## [Information provided]

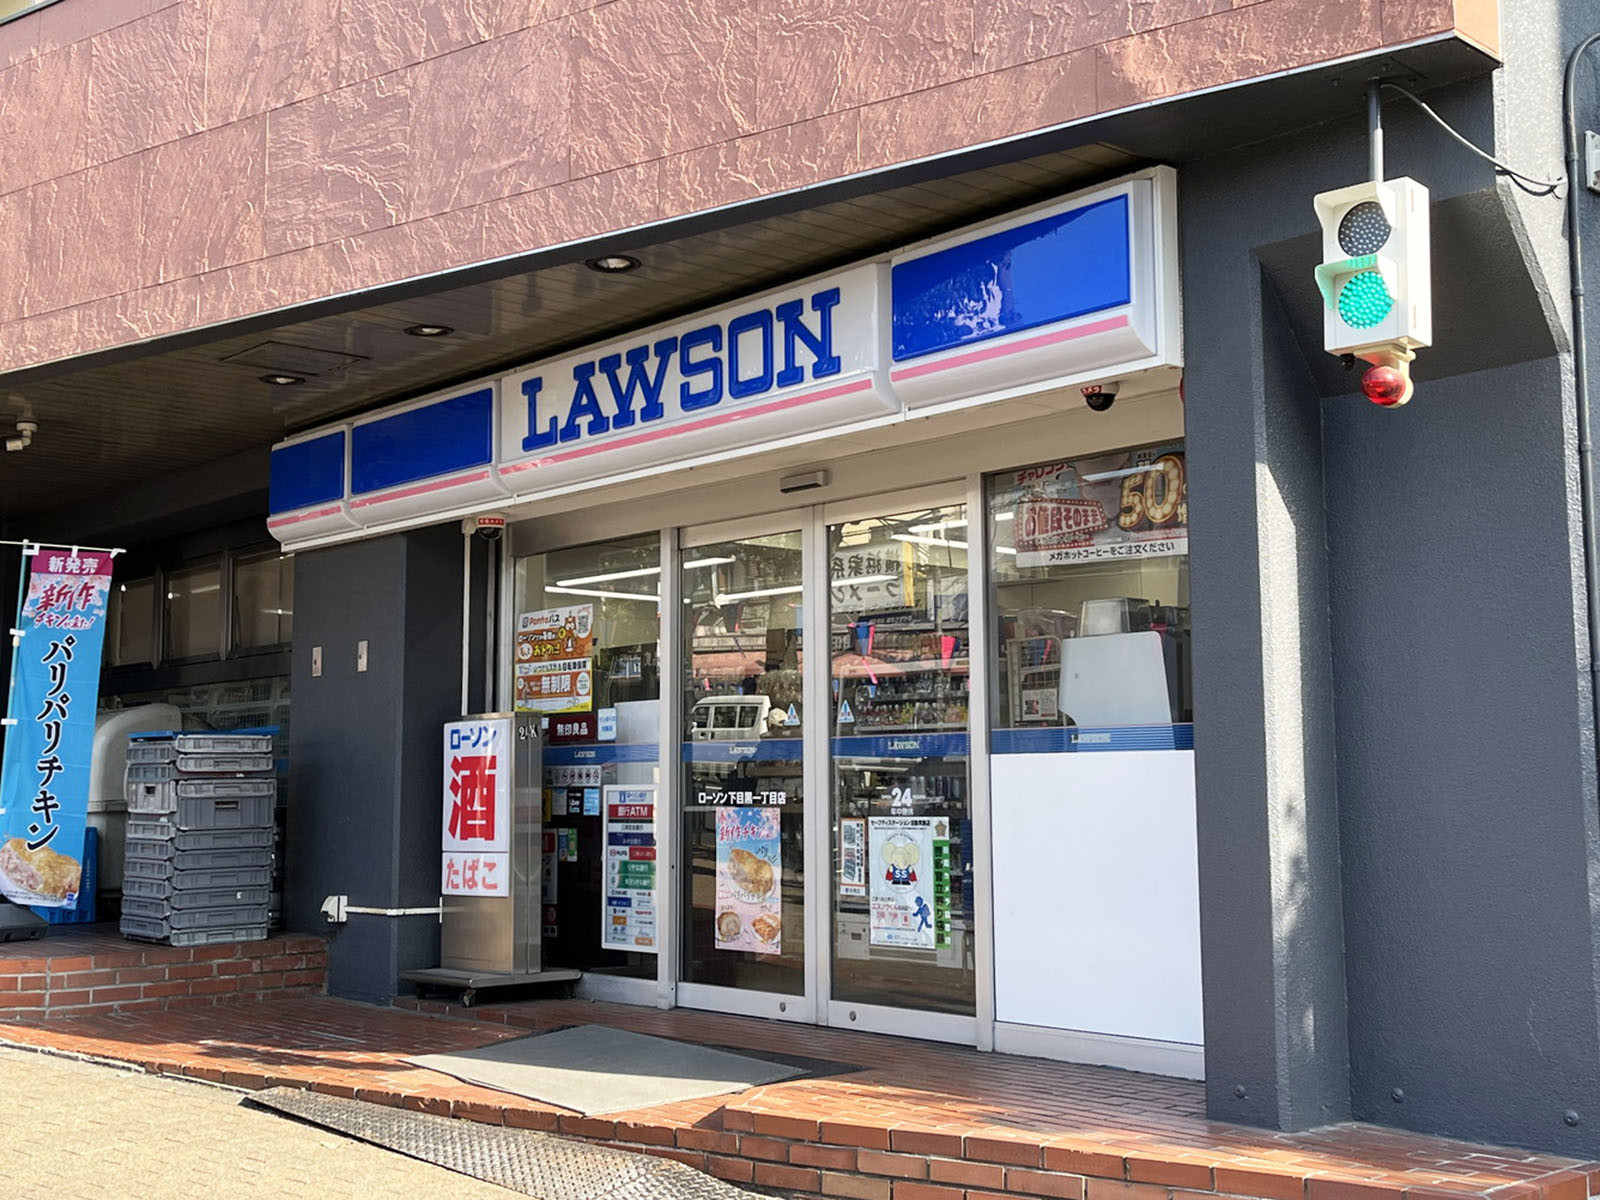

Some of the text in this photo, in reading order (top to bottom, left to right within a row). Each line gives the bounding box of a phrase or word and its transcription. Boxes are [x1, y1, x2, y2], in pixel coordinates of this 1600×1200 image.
...
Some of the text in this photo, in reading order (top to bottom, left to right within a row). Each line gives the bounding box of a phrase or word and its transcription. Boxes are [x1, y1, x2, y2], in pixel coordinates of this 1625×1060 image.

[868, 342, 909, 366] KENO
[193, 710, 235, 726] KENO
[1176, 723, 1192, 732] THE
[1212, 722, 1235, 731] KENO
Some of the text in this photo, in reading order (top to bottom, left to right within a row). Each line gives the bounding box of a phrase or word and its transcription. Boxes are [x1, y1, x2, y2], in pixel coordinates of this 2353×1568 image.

## [To do]
Of the lines above, retype only those from the line containing "this 1625×1060 image." through the line containing "this 2353×1568 image.", including both, exactly.

## [Written response]
Some of the text in this photo, in reading order (top to bottom, left to right within a row). Each line gives the bounding box of a phrase or word and its transcription. Boxes are [x1, y1, x2, y2], in pixel coordinates of this 1625×1060 image.

[868, 342, 909, 366] KENO
[193, 710, 235, 726] KENO
[1176, 723, 1192, 732] THE
[1212, 722, 1235, 731] KENO
Some of the text in this photo, in reading order (top to bottom, left to right within a row). Each line gives the bounding box of a phrase or word and its transcription. Boxes are [x1, y1, x2, y2], in pixel coordinates of this 2353×1568 image.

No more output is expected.